Sometimes we just do not have enough time to get a full work out in, or only want to get our heart rate up for a short amount of time. Here is a perfect core work out to get your heart pumping and your abs strengthening in a short time.
- Get into a push-up position on your elbows instead of your hands. Hold your core tight and be sure not to arch your back or curve it toward the ceiling- you want to maintain the straightness of a plank with your whole body while you are doing the exercise. Only your toes and forearms should be touching the ground. Stay up as long as you can during that minute and get back up if you come down from the plank at any point.
- For a variation for injuries or first timers, do the plank from your knees instead of your toes, but still maintain the straight-as-a-board positioning.
- From a normal crunch position, sit all the way up until your elbows touch your knees. Slowly come back down until your shoulders touch the ground and then begin again.
- Same as above but instead of elbows touching the knees of the same side, make a turn with your upper body at the top of the sit up and have the opposite knee and elbow touch. Be sure to do both sides throughout the minute.

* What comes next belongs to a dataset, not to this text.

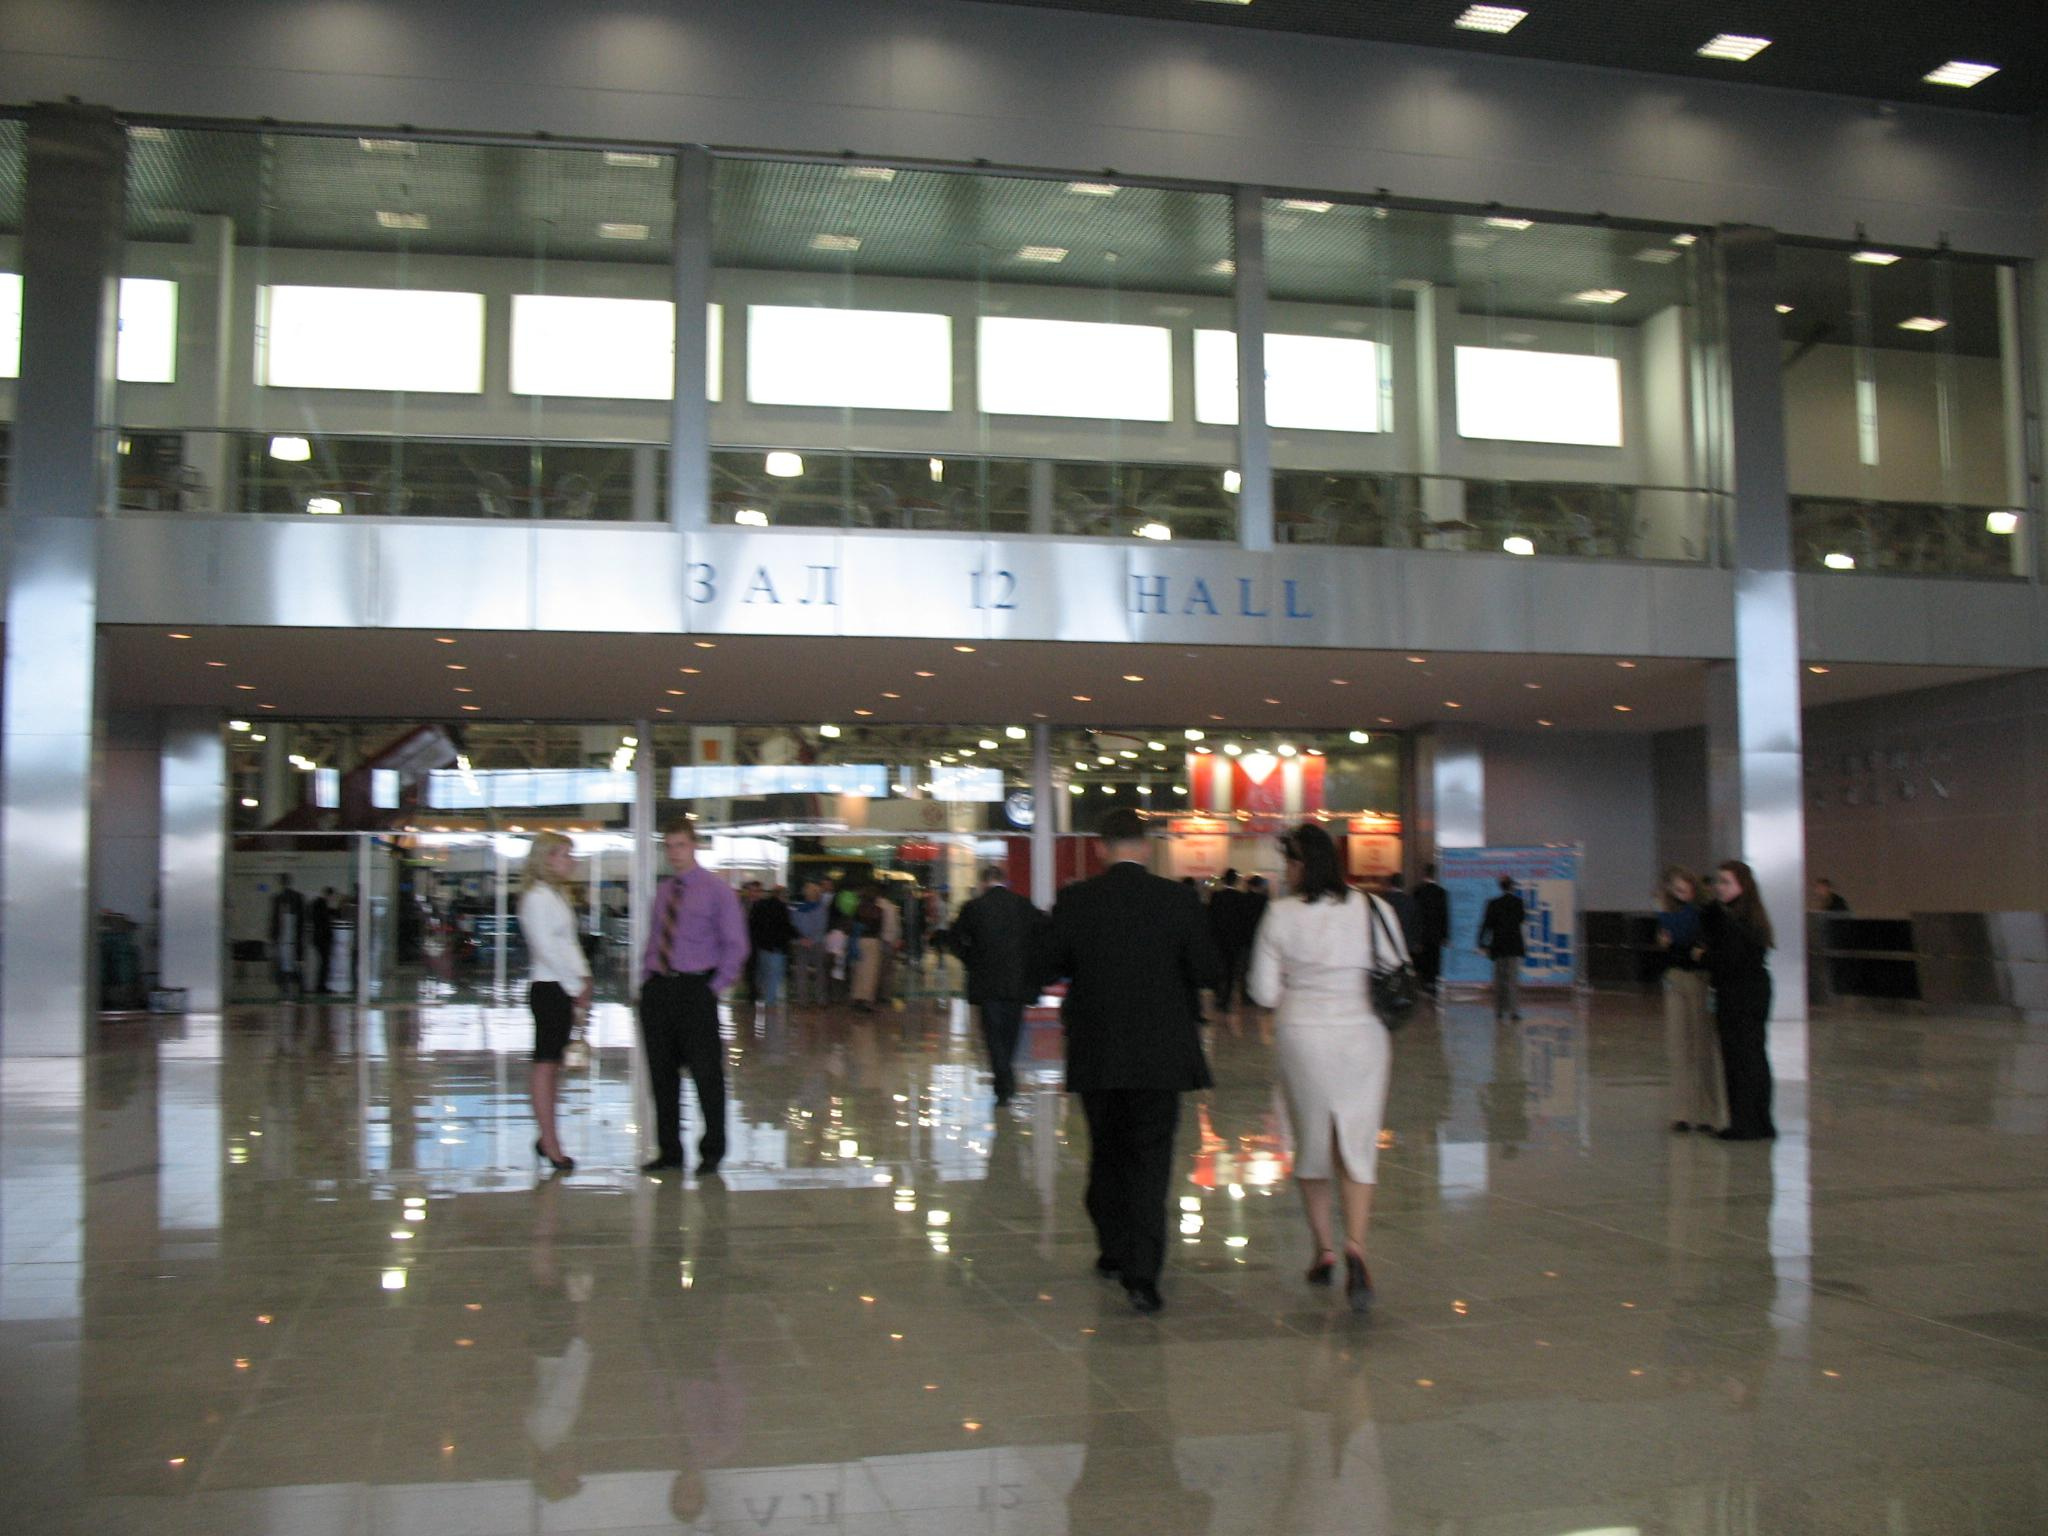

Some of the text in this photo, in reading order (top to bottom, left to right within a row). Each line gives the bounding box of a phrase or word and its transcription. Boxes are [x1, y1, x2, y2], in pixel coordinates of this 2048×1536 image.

[687, 562, 1313, 618] ЗАЛ 12 HALL

- Lay flat on your back and place your hands under your hip bones or buttocks. Lift your legs 6 inches off the ground and use that point as the bottom of the leg lift. From their, lift your legs another 6 inches to a foot then lower back to 6 inches off the ground. Repeat.
- Go into a crunch position with your legs off the floor and at 90* with your body (as in the picture above). Kick one foot out at the same time that you turn your body and touch the opposite elbow to the knee still close to your body. Switch sides and kick out the other leg and twist to hit the other elbow to the knee that has returned to you. It should look and feel like you are riding a bicycle in a laying position.
- Try to keep your shoulders off the ground the whole time and bike in a fluid motion.
- When you work your core, you have to also work your lower back. Lay flat on your stomach and simultaneously lift your chest and legs off the ground (as though you were superman flying).
Do each exercise for a minute (as many as you can do in that time). Take a 20 second break to transition to the next. Push each minute as hard as you can (great for all fitness levels). Repeat 3 times.
*If you have even less time, decrease the intervals to 30 or 45 seconds and the transitions to 15 seconds.